«Я понимаю все вещи как занимающие определенные ступени, серии этапов между реальностью и ирреальностью». Вот почему для Форта не важно, пользоваться ли тем или иным фактом, чтобы начать описывать их совокупность. И почему нужно выбирать факт, успокаивающий разум, а не будоражащий его? Зачем исключать? Ведь чтобы рассчитать круг, можно начинать с любой точки. Он сигнализирует, например, о существовании летающих предметов. Вот группа фактов, исходя из которых можно начать понимать все. Но, говорит он тотчас же, «буря подснежников может послужить для этого ничуть не хуже».

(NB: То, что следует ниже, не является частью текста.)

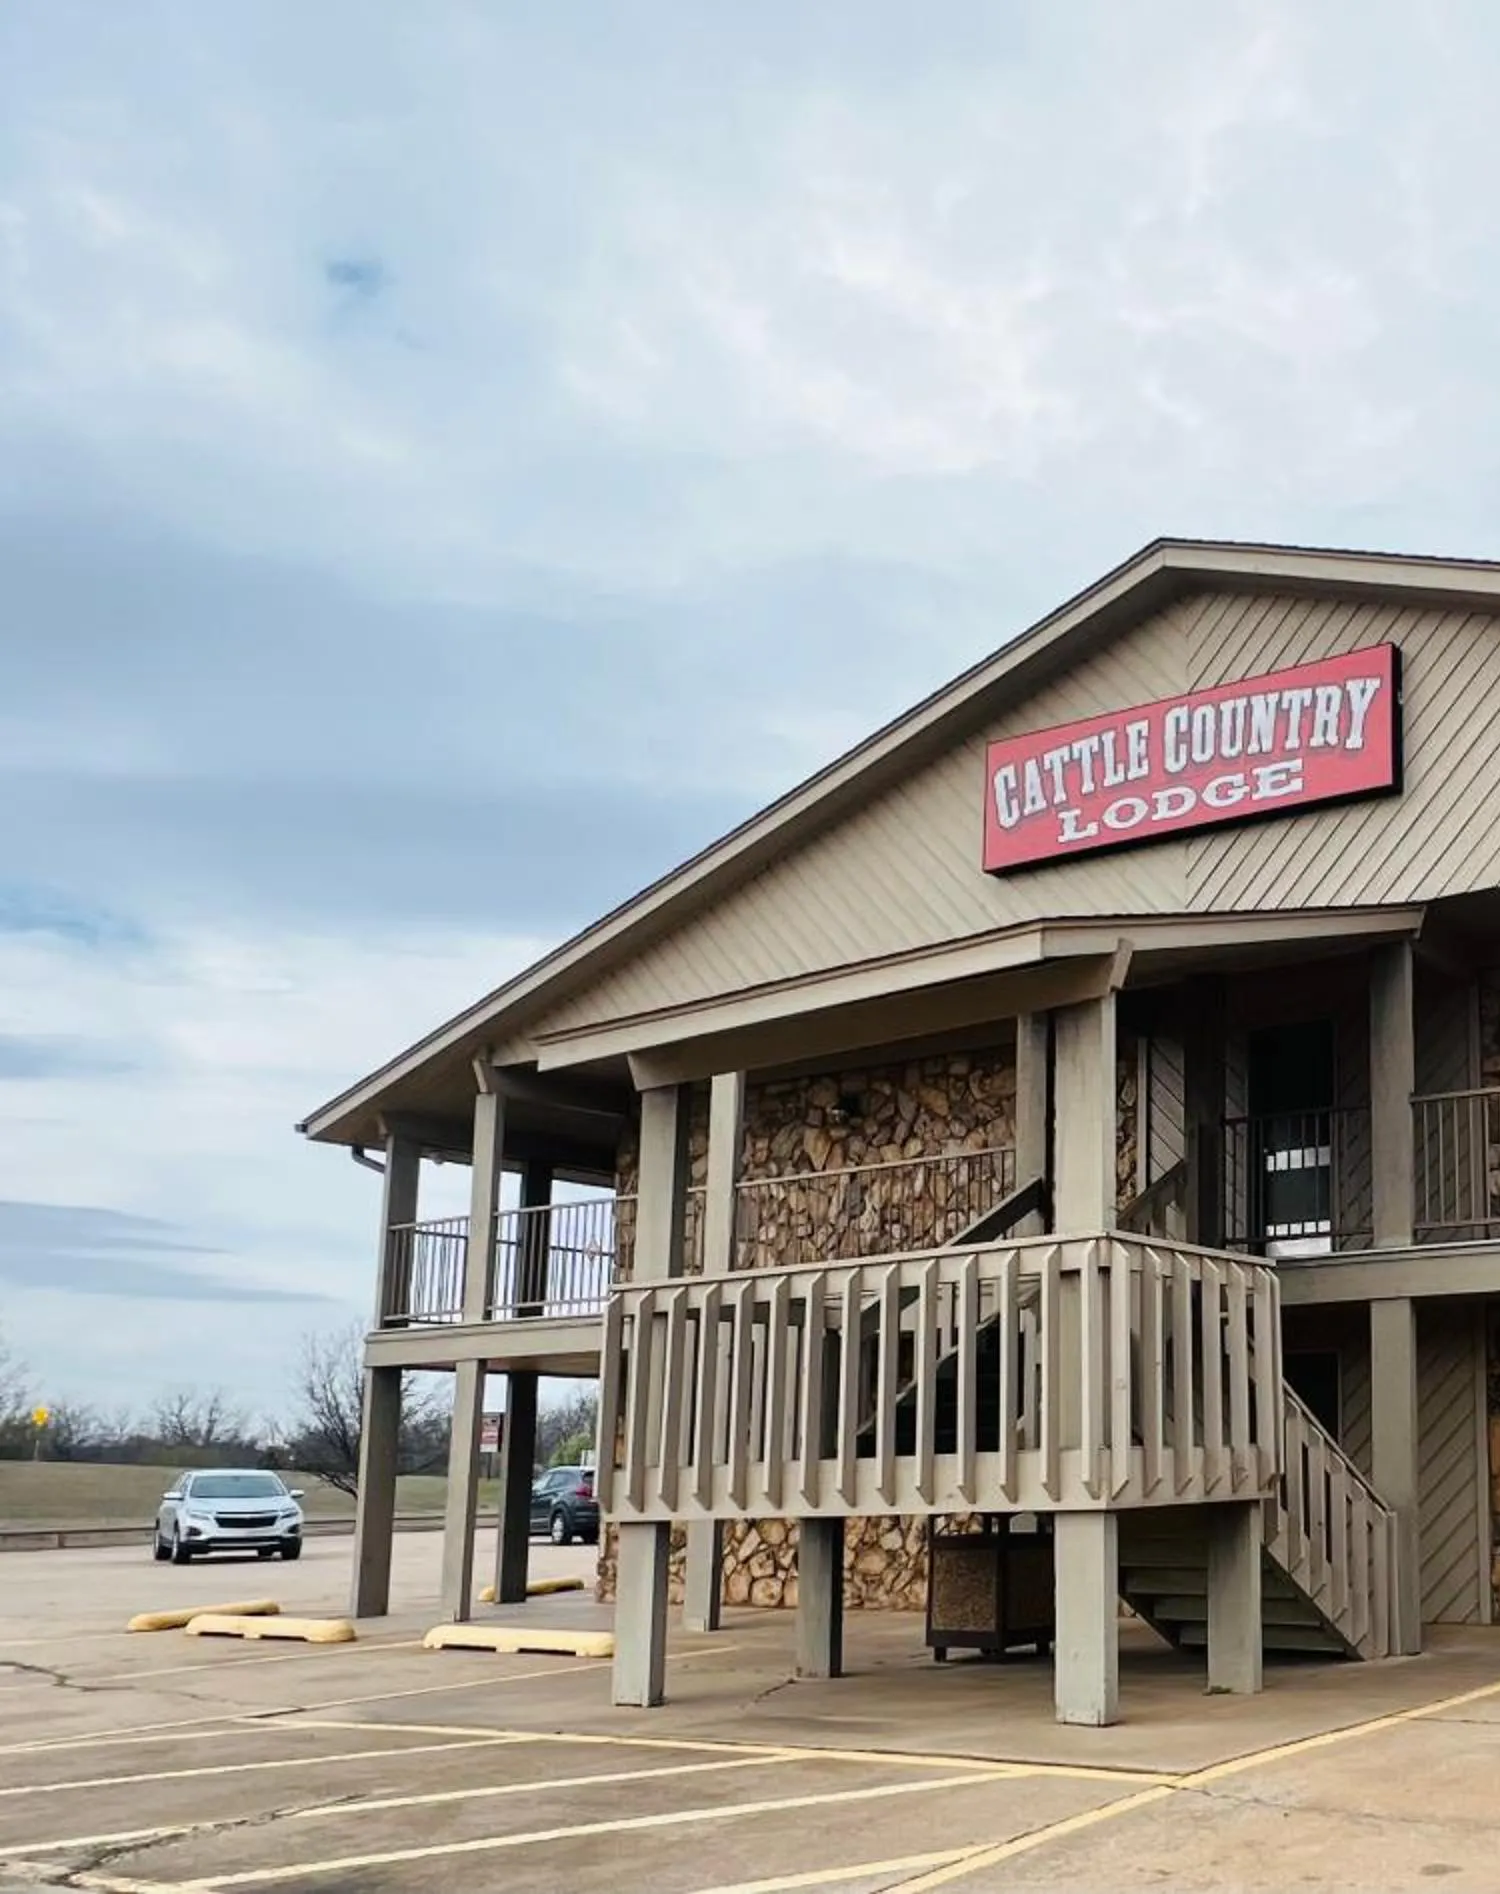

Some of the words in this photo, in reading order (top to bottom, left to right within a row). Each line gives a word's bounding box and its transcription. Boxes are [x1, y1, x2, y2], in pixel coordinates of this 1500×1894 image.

«Я не реалист. Я не идеалист. Я — интермедиалист». Если дойти до корней понимания, до самой основы мышления, то как заставить понять себя? Видимой эксцентричностью, которая служит поистине ударным языком центростремительного гения: он тем дальше идет в поисках своих образов, чем более уверен в том, что приведет их к определенной глубокой точке своего размышления. Родственный нам Чарлз Форт в известной степени действует по методу Рабле. Он поднимает шум юмором и образами, способными разбудить мертвых.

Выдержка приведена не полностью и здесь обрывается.